The first optical spectrometer is for example configured for sampling the collected fluorescent light at a sampling frequency greater or equal to 500 MSPS (Mega samples per second), for example at a sampling frequency greater or equal to 1 GSPS (Giga samples per second).

In embodiments, the measurement device further comprises a second optical spectrometer for capturing fluorescent light emitted by individual fluid-borne particles with only one given polarization, preferably in the first direction in the measurement volume and determining the optical spectrum of the captured fluorescent light over a broad frequency range.

The measurement device of the invention thus allows the acquisition for each individual particle of spectrally and timely resolved fluorescence response on two laser pulses with different light polarisation and separated in time by a short delay. This is achieved thanks to a specific combination of fluid and light path geometries. It is also improved with ultrafast detectors and acquisition electronics.

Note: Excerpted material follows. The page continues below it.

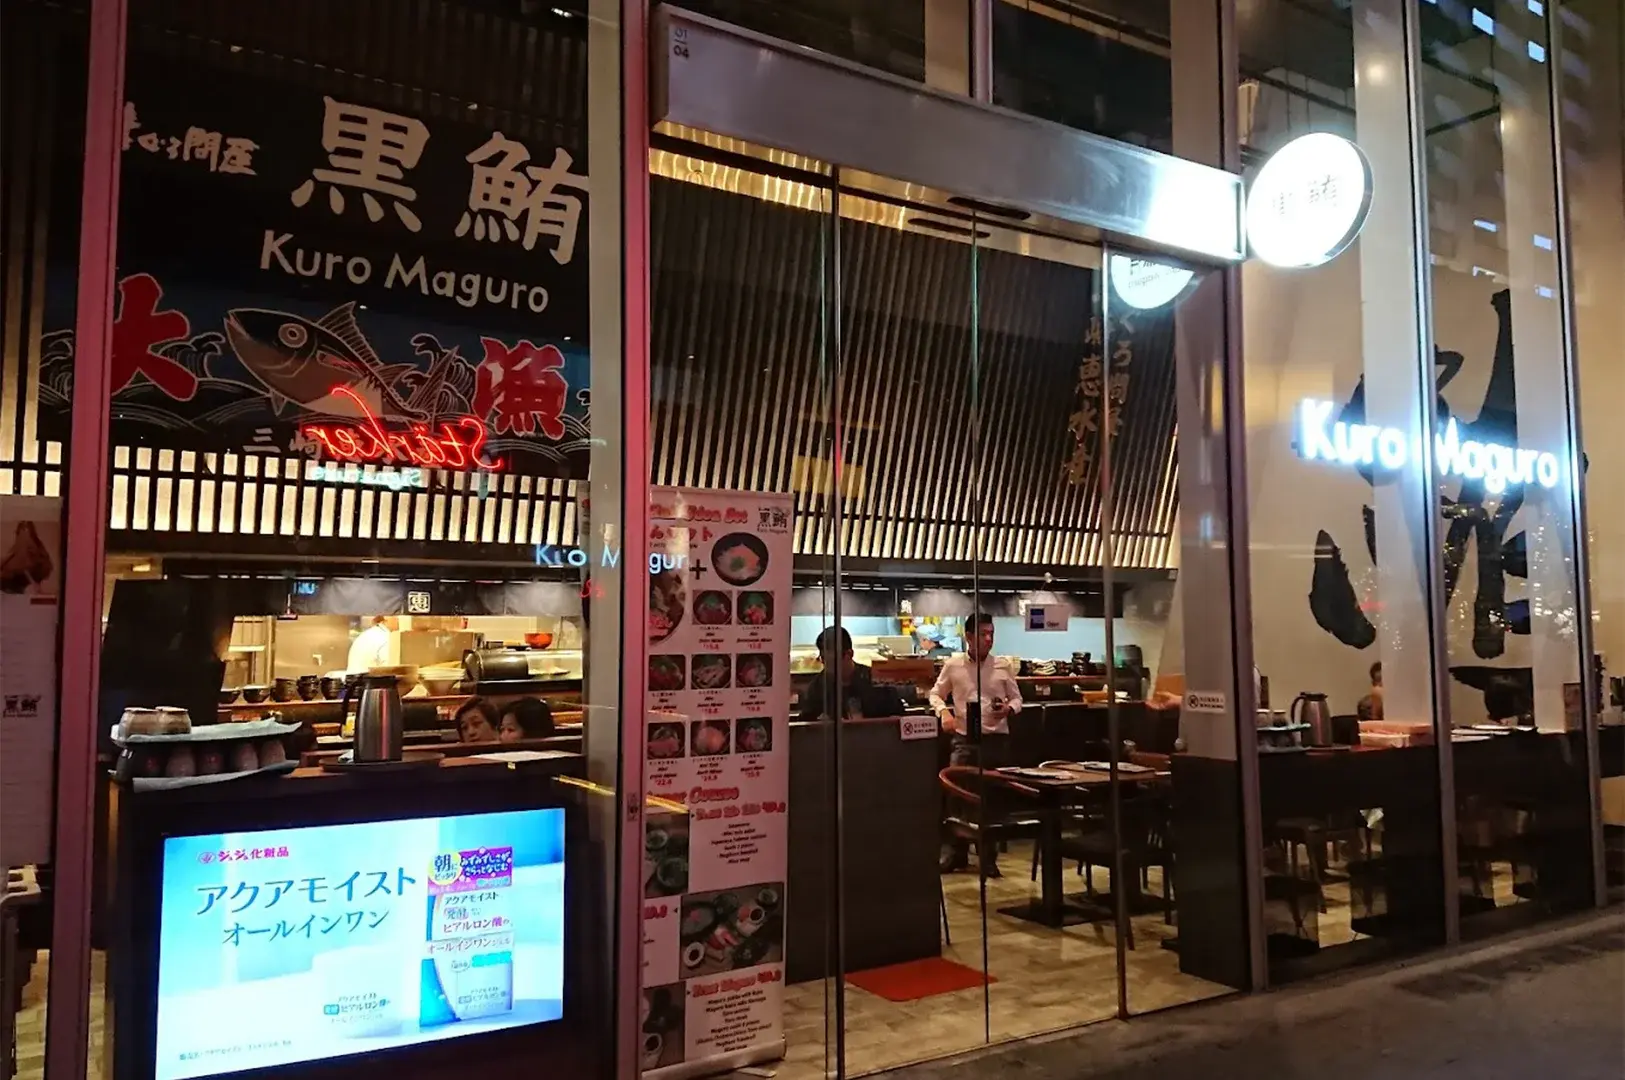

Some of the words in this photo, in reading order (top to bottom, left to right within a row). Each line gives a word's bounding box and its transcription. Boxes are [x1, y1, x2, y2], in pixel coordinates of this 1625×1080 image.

This aim and other advantages are also achieved in particular with a measurement method for the detection and/or characterization of fluid-borne particles, comprising the steps of producing a flow of fluid along a fluid flow path, emitting a pulse of laser light polarized in a first direction of polarization in a measurement volume of the fluid flow path, the pulse having a pulse duration, collecting fluorescent light emitted by individual fluid-borne particles in the measurement volume when hit by the pulse of laser light polarized in the first direction of polarization, and measuring an intensity of said collected fluorescent light filtered with a linear polarizer, at at least one determined wavelength at a sampling rate of at least three samples per fluorescence decay duration, directing a pulse of laser light polarized in a second direction of polarization in the measurement volume, wherein the second direction of polarization is different from the first direction of polarization, such that the time delay between the moment of crossing the measurement volume by the pulse of laser light polarized in the first direction of polarization and the moment of crossing the measurement volume by the pulse of laser light polarized in the second direction of polarization is longer than the pulse duration and shorter than a travel time of the fluid in the measurement volume, capturing fluorescent light emitted by individual fluid-borne particles in the measurement volume and filtered by a linear polarizer when hit by the pulse of laser light polarized in the second direction of polarization, and measuring an intensity of the captured fluorescent light, filtered by a linear polarizer, at the at least one determined wavelength at a sampling rate of at least three samples per fluorescence decay duration.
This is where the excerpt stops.